If you’re anything like me, perhaps you’ve wondered whether this is even a real thing or if it’s just another cute-sounding concept designed to drive clicks. I did a bit of digging, and here’s what I found out.
Let's start with the fact that “cuffing season” is a term that hasn’t yet made its way into the scientific literature. I couldn’t find a single academic journal that even mentioned it, but that doesn’t mean cuffing season is totally made up. Scientists have long documented seasonal fluctuations in partner-seeking behavior.

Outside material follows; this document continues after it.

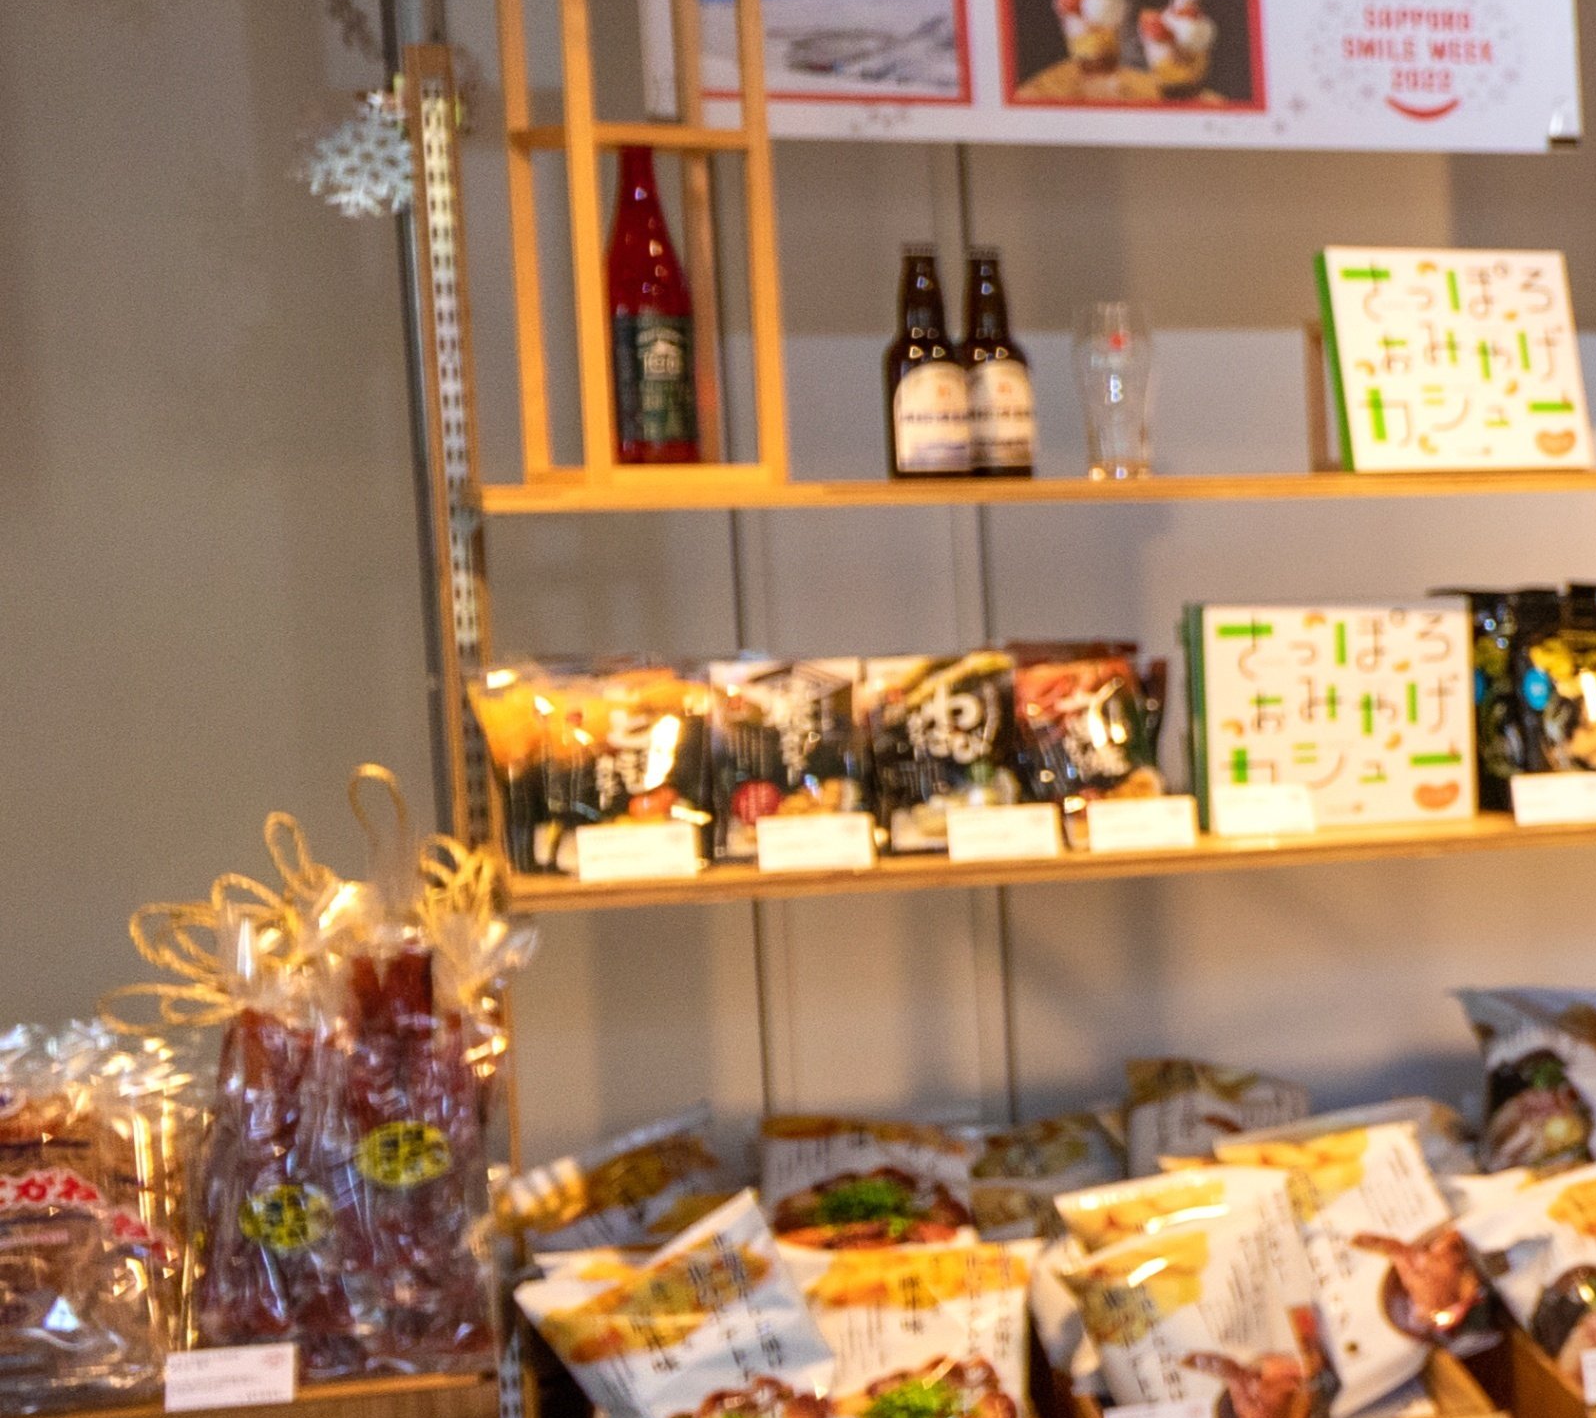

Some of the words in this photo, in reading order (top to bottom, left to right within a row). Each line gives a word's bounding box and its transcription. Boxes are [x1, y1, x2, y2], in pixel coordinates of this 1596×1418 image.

[1362, 5, 1471, 33] SAPPORO
[1341, 37, 1418, 62] SMILE
[1427, 40, 1495, 65] WEEK

For instance, in one 2013 study, researchers looked at changes in Google search trends related to sex and relationships over a five-year period. They found distinct and predictable seasonal fluctuations: First, there was a reliable increase in searches related to online dating (i.e, searches for OK Cupid, Match, Eharmony, etc.) in the winter months, especially in January. Facebook data also supports the finding that people are more likely to change to a coupled relationship status in the winter.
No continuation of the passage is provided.